‘Project Hail Mary’ Made Us Wonder How to Survive a Trip to Interstellar Space

‘Project Hail Mary’ Made Us Wonder How to Survive a Trip to Interstellar Space

The fate of the astronauts in Andy Weir’s book-turned-movie shows how risky the journey can be

An illustration of astronauts waking up from crytofreeze

Editor’s note: This story contains mild spoilers for Hail Mary Project.

I’ve long been perplexed by something in Andy Weir’s 2021 book Hail Mary Project: Why did two of the three fictional astronauts die during interstellar travel?

That could be because Weir put his travelers in an induced coma for four years, says Haig Aintablian, an emergency room physician and flight surgeon who directs UCLA’s space medicine program.

“How cool would it be if you fell asleep a few hours after launch and woke up as soon as you arrived on the planet or celestial body you were approaching? But, he said, “I don’t think keeping the human alive and in a comatose state is necessarily the best option.” »

After all, “the human body is not designed to just be a stagnant blob,” he says. Astronauts in a coma would risk developing fatal blood clots and debilitating muscle wasting from inaction. Infections from the tubes and devices needed to keep a person in a coma alive would also be risky.

So, I wondered: What other ways could people survive interstellar travel?

Frozen, Aintablian suggests. “The day you can freeze someone and thaw them, you will have solved the problem,” he says.

But the problem could be more than technological. No one knows if the human body can withstand the physiological rigors of freeze and thaw like wood frogs do. The human heart doesn’t function well below about 28° Celsius, explains integrative biologist Matthew Regan of the University of Montreal. Some people have survived larger drops in body temperature, but only temporary, he says, not the years it would take to travel to a distant star.

Maybe hibernating to the stars is the answer.

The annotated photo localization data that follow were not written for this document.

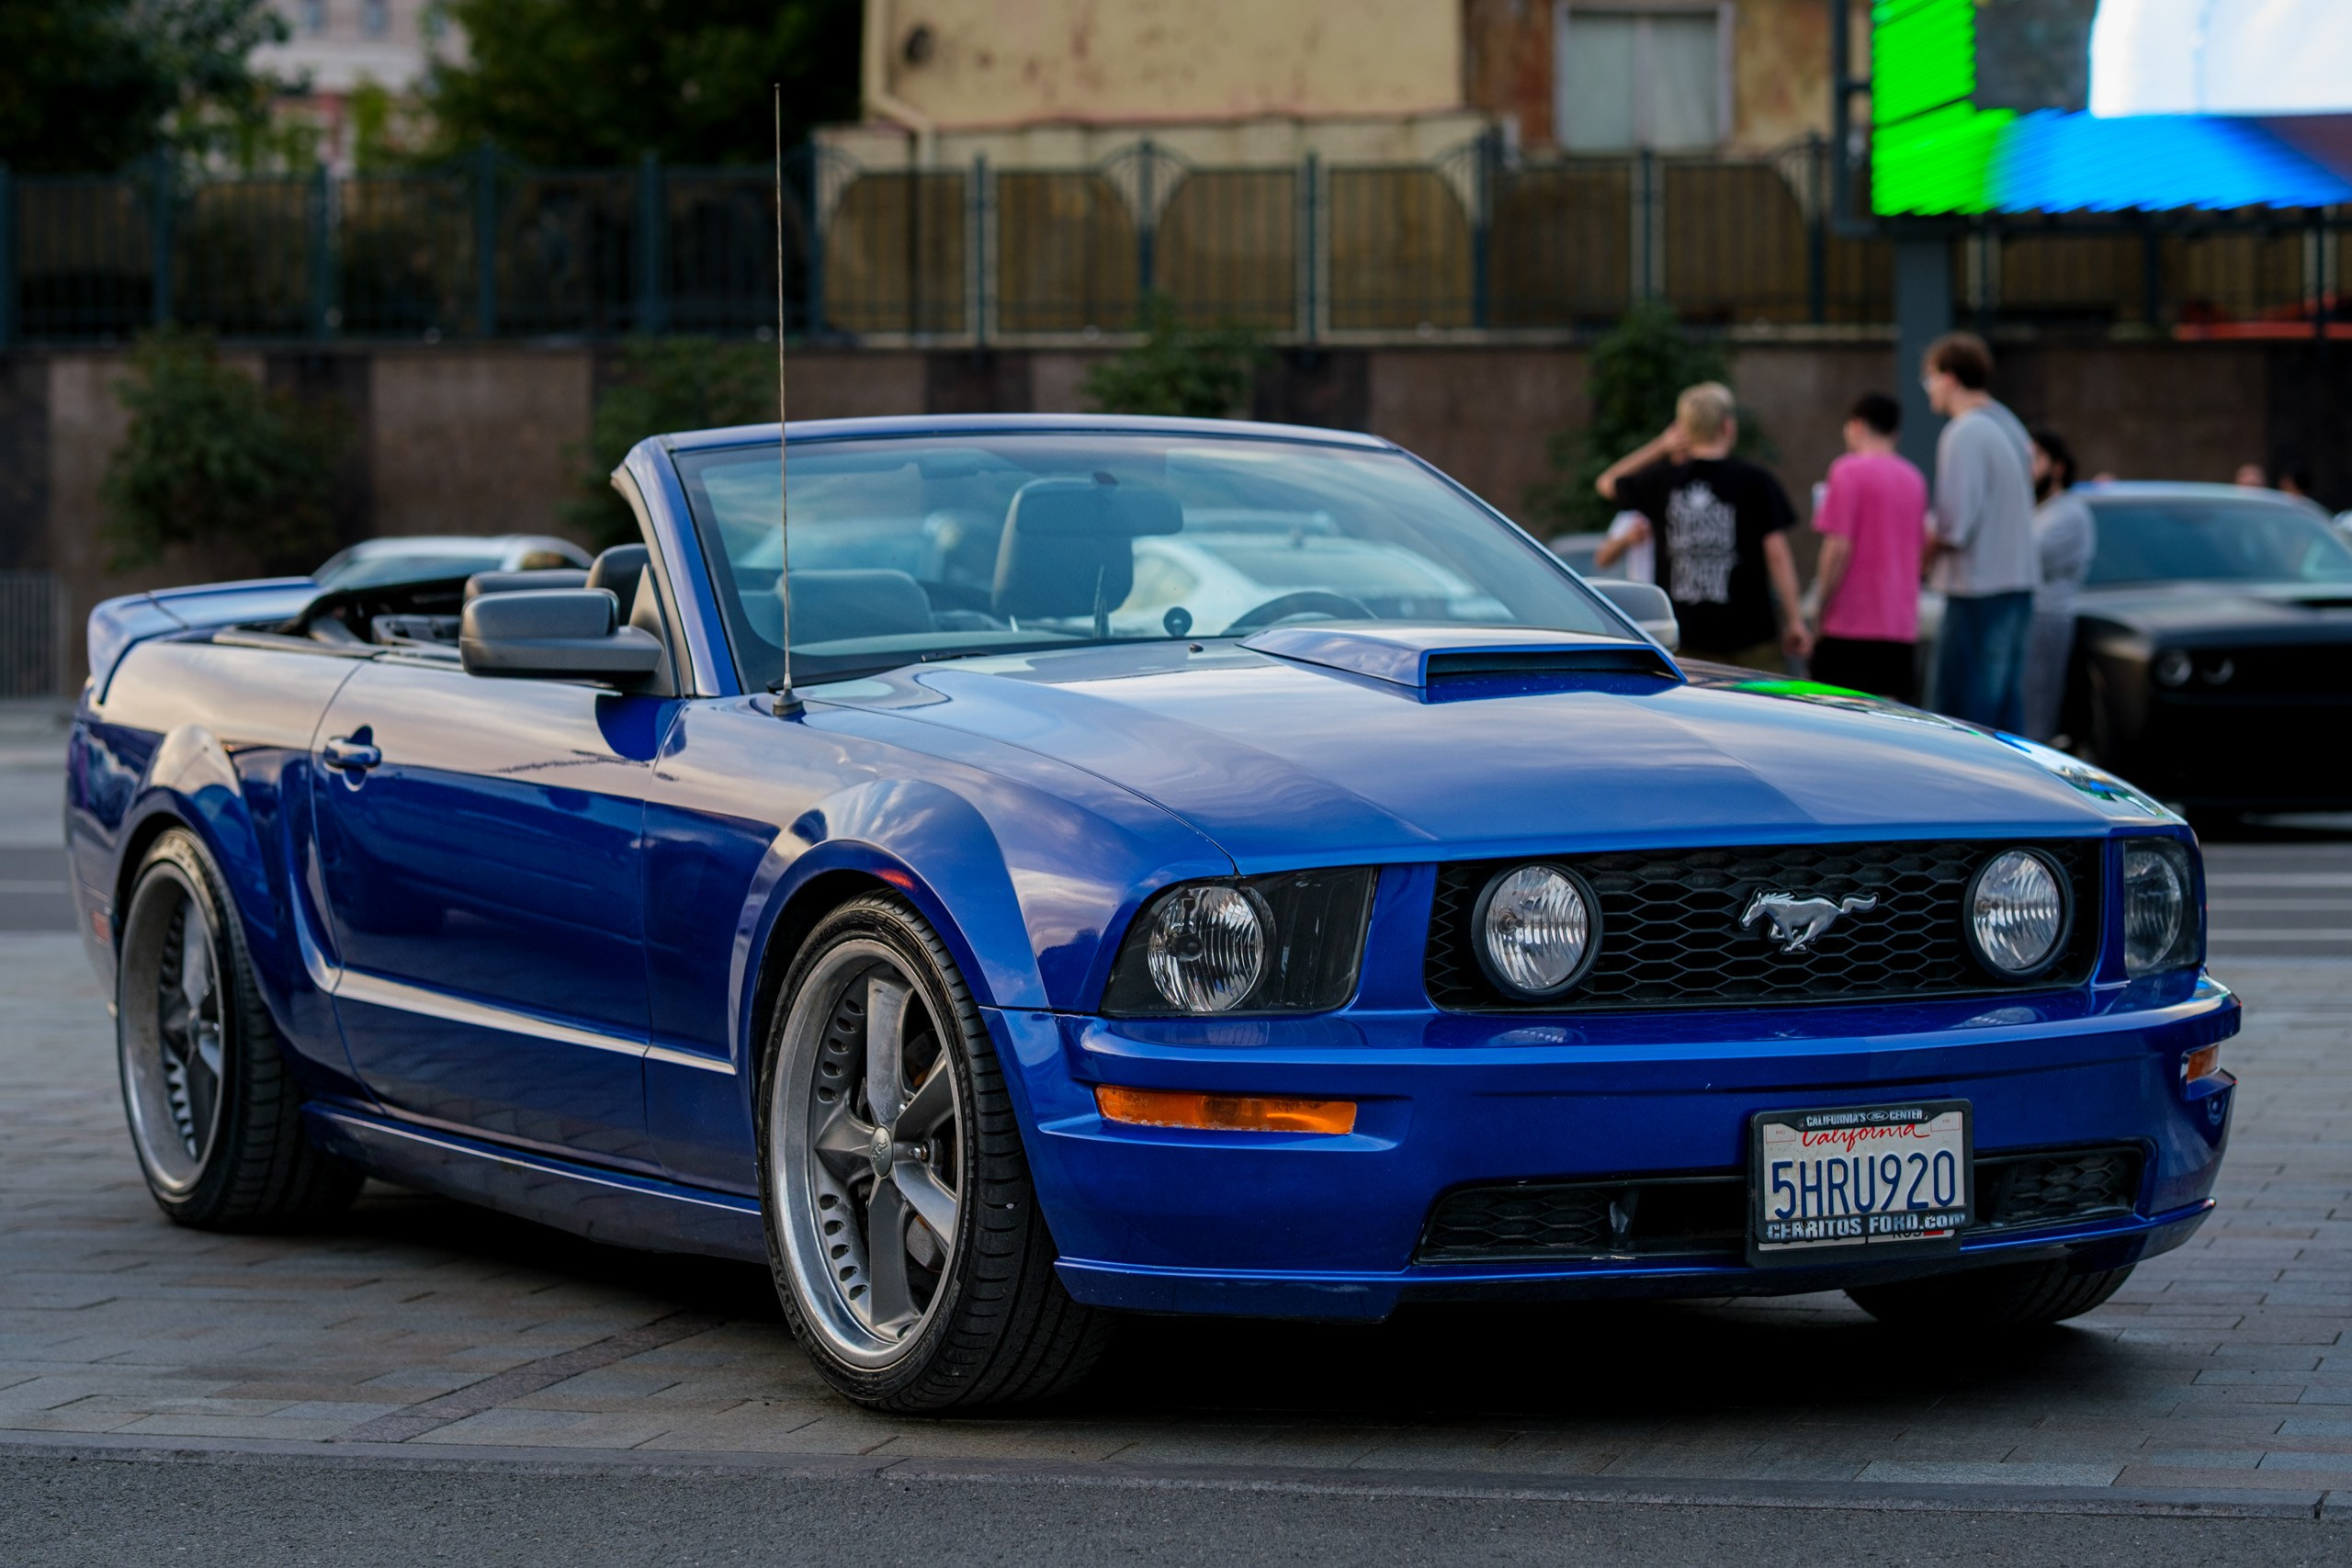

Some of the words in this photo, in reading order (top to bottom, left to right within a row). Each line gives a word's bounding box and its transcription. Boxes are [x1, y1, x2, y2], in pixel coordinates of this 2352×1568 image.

[1806, 1111, 1866, 1126] CALIFORNIA'S
[1889, 1110, 1923, 1121] CENTER
[1802, 1122, 1930, 1153] California
[1772, 1150, 1956, 1220] 5HRU920
[1767, 1217, 1861, 1240] CERRITOS

Some small mammals that hibernate, such as arctic ground squirrelscause their body temperature to drop below freezing during torpor, when the rodents’ metabolism slows significantly. “It’s 2 percent of what it usually is,” Regan says. “They’re just starting to build up. It’s like the pilot light levels are up.”

Hibernating bears conserve less energy, lowering their body temperature only a few degrees, to 31°C or 32°C (about 88° to 90° Fahrenheit). Torpid animals are sedentary but they do not develop blood clots and their muscles do not atrophy, unlike bedridden humans.

If humans could slow down our metabolism a bit like bears do, space travel would require fewer resources to keep the crew fed, healthy, and happy. Torpor could even help protect against ionizing radiation, a big problem for space travelers, Regan says.

But it probably wouldn’t be possible to repeat the whole trip. Every two weeks, gophers and other hibernators wake up, warm their bodies and move around. Nobody really knows why. This can promote muscle regeneration and help the brain stay healthy, says neurochemist Kelly Drew of the University of Alaska Fairbanks.

Humans may also need to wake up to keep their brains sharp and their muscles strong. And eat.

Indeed, it may not be a good idea to fatten up astronauts before the big trip, says hibernation biologist Hannah Carey of the University of Wisconsin-Madison. Bears that gain weight before hibernation develop high cholesterol levels; bears recover as their weight decreases, but in humans, this side effect could put astronauts at risk of heart disease.

Some captive ground squirrels in Carey’s lab quickly became roly-poly, but then died mysteriously during hibernation. “They still had a lot of body fat. So it’s not that they were lacking it,” Carey says. Maybe their hearts couldn’t handle the stress, she suggests.

Yet none of this explains why the astronauts died in Hail Mary Project. With the film adaptation scheduled to hit theaters in March, I asked Weir what happened. Their deaths were not a failure of human biology, he said. “It was a technological failure. I mean, being in a coma for four years is a dangerous proposition at the best of times. So a small technological failure can lead to catastrophic results. Which it did in this case.”